When I first tested it, it worked great, but now that more than 1 PC has ran on it, they all are slow. Cached games still can download at 100-115 MB/s no problem, just the uncached ones are slow.

I remember reading somewhere about either the network interfaces or nginx setup has to be modified, but I can't find where I saw that.

What should I test and try?

nexusofdoom commented 5 years ago

from what I did see you have to add more ip's for steam to use.
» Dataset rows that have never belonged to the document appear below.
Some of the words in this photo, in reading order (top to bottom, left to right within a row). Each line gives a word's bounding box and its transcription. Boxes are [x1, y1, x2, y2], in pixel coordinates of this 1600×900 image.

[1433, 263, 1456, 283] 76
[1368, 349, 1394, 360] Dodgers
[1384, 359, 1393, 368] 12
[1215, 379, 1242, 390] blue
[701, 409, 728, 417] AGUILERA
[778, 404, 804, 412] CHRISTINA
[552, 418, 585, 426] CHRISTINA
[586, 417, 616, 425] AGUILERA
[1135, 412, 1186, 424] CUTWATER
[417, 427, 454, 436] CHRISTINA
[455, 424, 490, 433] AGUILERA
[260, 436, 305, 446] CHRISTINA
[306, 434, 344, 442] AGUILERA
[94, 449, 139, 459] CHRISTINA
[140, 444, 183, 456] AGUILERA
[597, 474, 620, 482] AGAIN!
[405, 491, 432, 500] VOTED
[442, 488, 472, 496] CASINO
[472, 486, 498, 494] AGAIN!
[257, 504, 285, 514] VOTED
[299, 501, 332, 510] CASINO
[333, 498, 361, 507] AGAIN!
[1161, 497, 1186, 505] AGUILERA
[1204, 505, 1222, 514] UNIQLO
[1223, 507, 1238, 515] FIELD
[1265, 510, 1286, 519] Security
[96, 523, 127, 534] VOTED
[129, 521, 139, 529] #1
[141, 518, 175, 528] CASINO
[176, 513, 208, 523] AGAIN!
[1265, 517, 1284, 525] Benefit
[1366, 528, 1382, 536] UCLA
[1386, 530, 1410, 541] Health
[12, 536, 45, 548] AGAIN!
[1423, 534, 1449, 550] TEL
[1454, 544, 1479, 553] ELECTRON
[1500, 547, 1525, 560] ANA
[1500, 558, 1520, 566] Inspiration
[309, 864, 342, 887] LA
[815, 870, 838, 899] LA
I do not have the link talking about it. for my setup I am getting around 80mbps - 100mbps when downloading new games from steam.
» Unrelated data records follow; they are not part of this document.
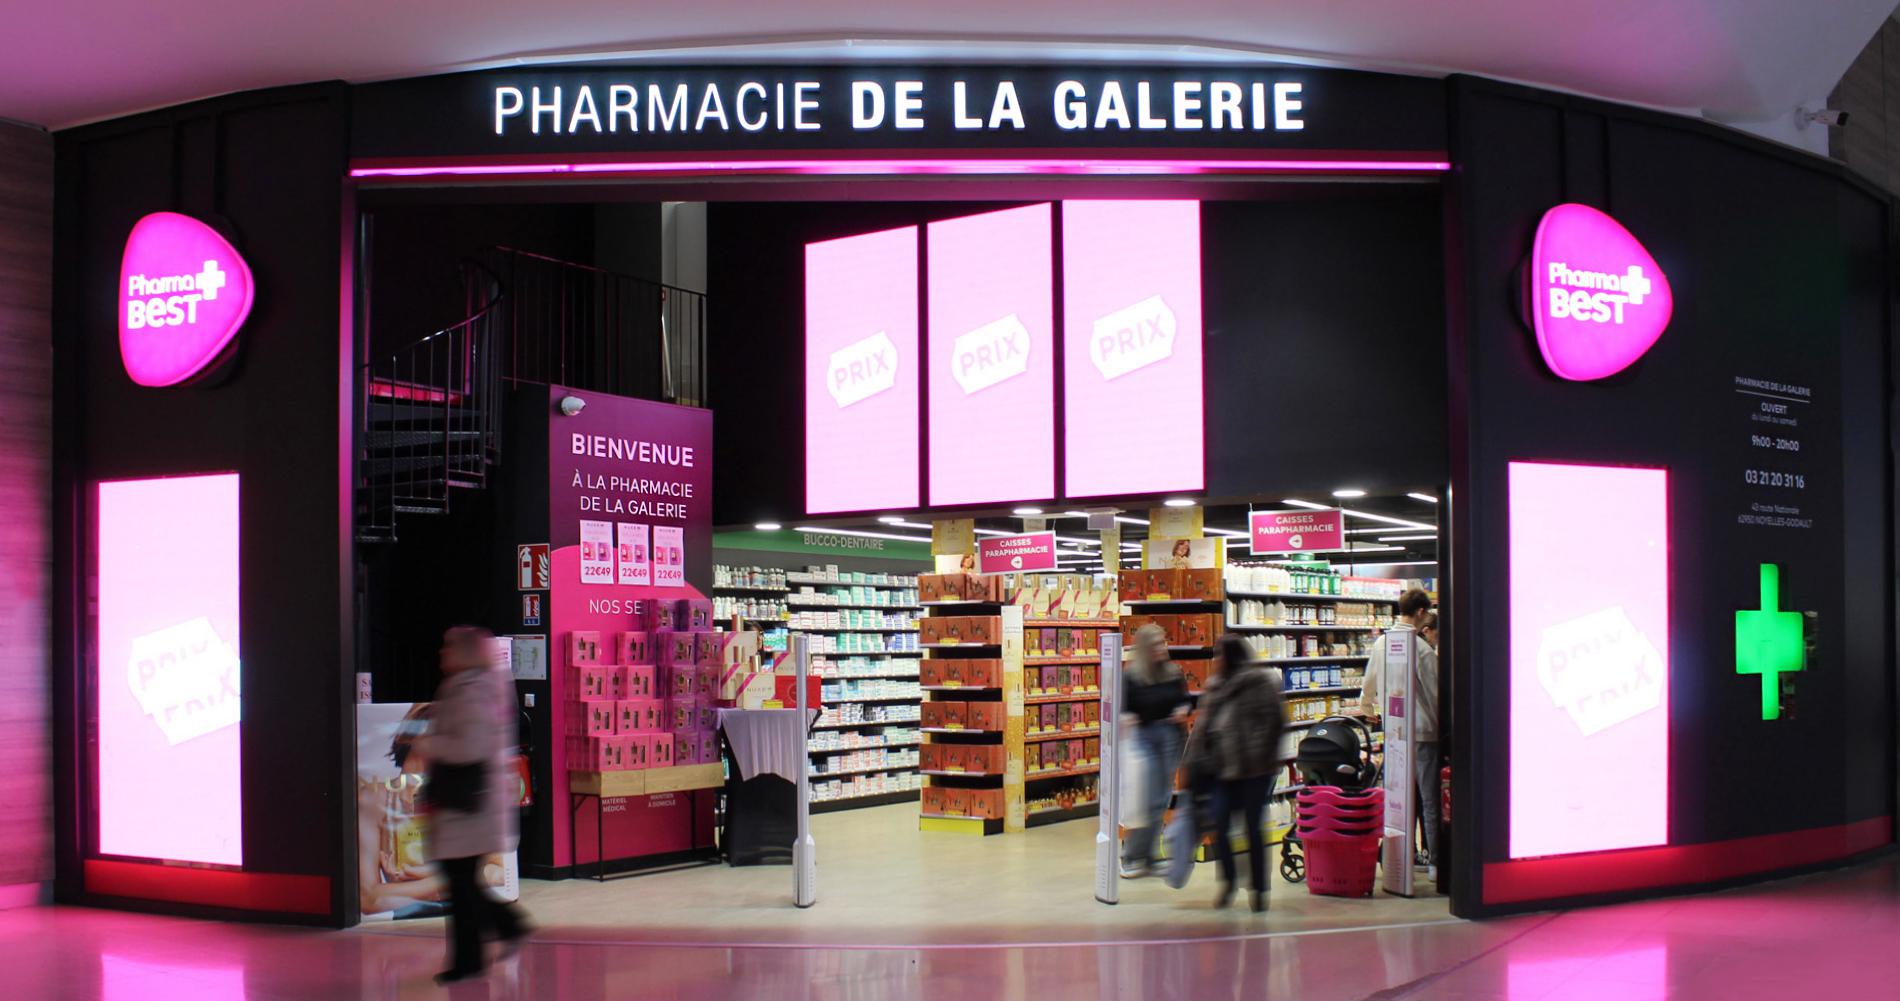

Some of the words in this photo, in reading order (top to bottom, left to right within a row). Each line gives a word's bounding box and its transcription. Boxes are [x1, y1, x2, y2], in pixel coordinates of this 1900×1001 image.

[495, 81, 822, 135] PHARMACIE
[851, 80, 924, 130] DE
[952, 80, 1026, 130] LA
[1052, 79, 1305, 131] GALERIE
[128, 273, 195, 297] Pharma
[1548, 261, 1620, 292] Pharma
[1097, 313, 1167, 362] PRIX
[957, 331, 1023, 376] PRIX
[833, 348, 891, 393] PRIX
[1787, 384, 1811, 397] GALERIE
[1760, 402, 1788, 415] OUVERT
[572, 432, 693, 468] BIENVENUE
[1751, 435, 1771, 448] 9h00
[1776, 438, 1800, 451] 20h00
[572, 468, 583, 488] À
[587, 473, 606, 490] LA
[610, 475, 693, 498] PHARMACIE
[1745, 469, 1758, 484] 03
[1759, 470, 1769, 485] 21
[1770, 471, 1783, 487] 20
[1784, 473, 1793, 488] 31
[1795, 474, 1805, 489] 16
[580, 495, 601, 512] DE
[605, 498, 624, 515] LA
[628, 500, 687, 519] GALERIE
[1276, 515, 1314, 524] CAISSES
[1258, 524, 1334, 535] PARAPHARMACIE
[803, 533, 884, 551] BUCCO-DENTAIRE
[999, 538, 1032, 547] CAISSES
[985, 546, 1048, 558] PARAPHARMACIE
[584, 566, 611, 576] 22€49
[622, 567, 648, 578] 22€49
[657, 570, 682, 579] 22€49
[589, 599, 620, 615] NOS
[624, 600, 643, 615] SE
nexusofdoom commented 5 years ago

ok I think this is what you are looking for https://github.com/steamcache/steamcache/issues/44

nexusofdoom commented 5 years ago

https://github.com/steamcache/steamcache-dns/pull/69

dark-swordsman commented 5 years ago

That's interesting...

I should note, it's not just steam that's experiencing slow speeds. Origin and Battlenet from our testing are also very slow, down near 4-8 MB/s, and I don't really know how I feel about adding over 30 more IPs at least. We can do it, just seems unnecessary.

Could it also be something in the Nginx config for proxying data?
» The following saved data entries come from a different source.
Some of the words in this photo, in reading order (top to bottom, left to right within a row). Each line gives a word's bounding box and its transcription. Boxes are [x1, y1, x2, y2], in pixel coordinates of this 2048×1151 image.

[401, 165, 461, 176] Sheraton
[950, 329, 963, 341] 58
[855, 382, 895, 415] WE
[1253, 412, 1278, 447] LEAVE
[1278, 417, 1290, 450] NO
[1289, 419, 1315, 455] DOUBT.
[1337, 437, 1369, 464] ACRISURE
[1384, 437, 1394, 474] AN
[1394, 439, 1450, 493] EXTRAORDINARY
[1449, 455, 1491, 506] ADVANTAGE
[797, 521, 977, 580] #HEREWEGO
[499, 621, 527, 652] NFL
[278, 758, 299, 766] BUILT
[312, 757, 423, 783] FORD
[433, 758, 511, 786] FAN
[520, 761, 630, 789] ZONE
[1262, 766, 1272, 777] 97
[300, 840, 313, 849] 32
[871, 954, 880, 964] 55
dark-swordsman commented 5 years ago

I was able to test a little bit, and I see what you mean about adding connections.

I downloaded a game with the DHCP handing out the following for DNS:

1: 10.1.0.110
2: 8.8.8.8
3: 8.8.4.4

The first download downloaded through the cache at about 40-60 MB/s.

Stopped, started a new game, same speed: 40-60 MB/s.

Had someone else download a game and I started yet another game, but now neither of us are going through the lancache. This tells me the lancache refused a connection because it doesn't have any avaialble (i.e: maxed out at 2/3 connections).

So now I went over to battle.net and am installing HoS, and it's maxing at about 6-7 MB/s.

So, a few things I guess:

I see the benefit of adding IPs for the virtual interfaces, but would we also need to add extra lancache IPs that it can proxy through?

Is there anyway to tell Nginx to allow more data through at once?

I believe that even though the connections stop being used, it doesn't appear that nginx/lancache drop the old connection quick enough when they are done being used. Is there a way to decrease this time?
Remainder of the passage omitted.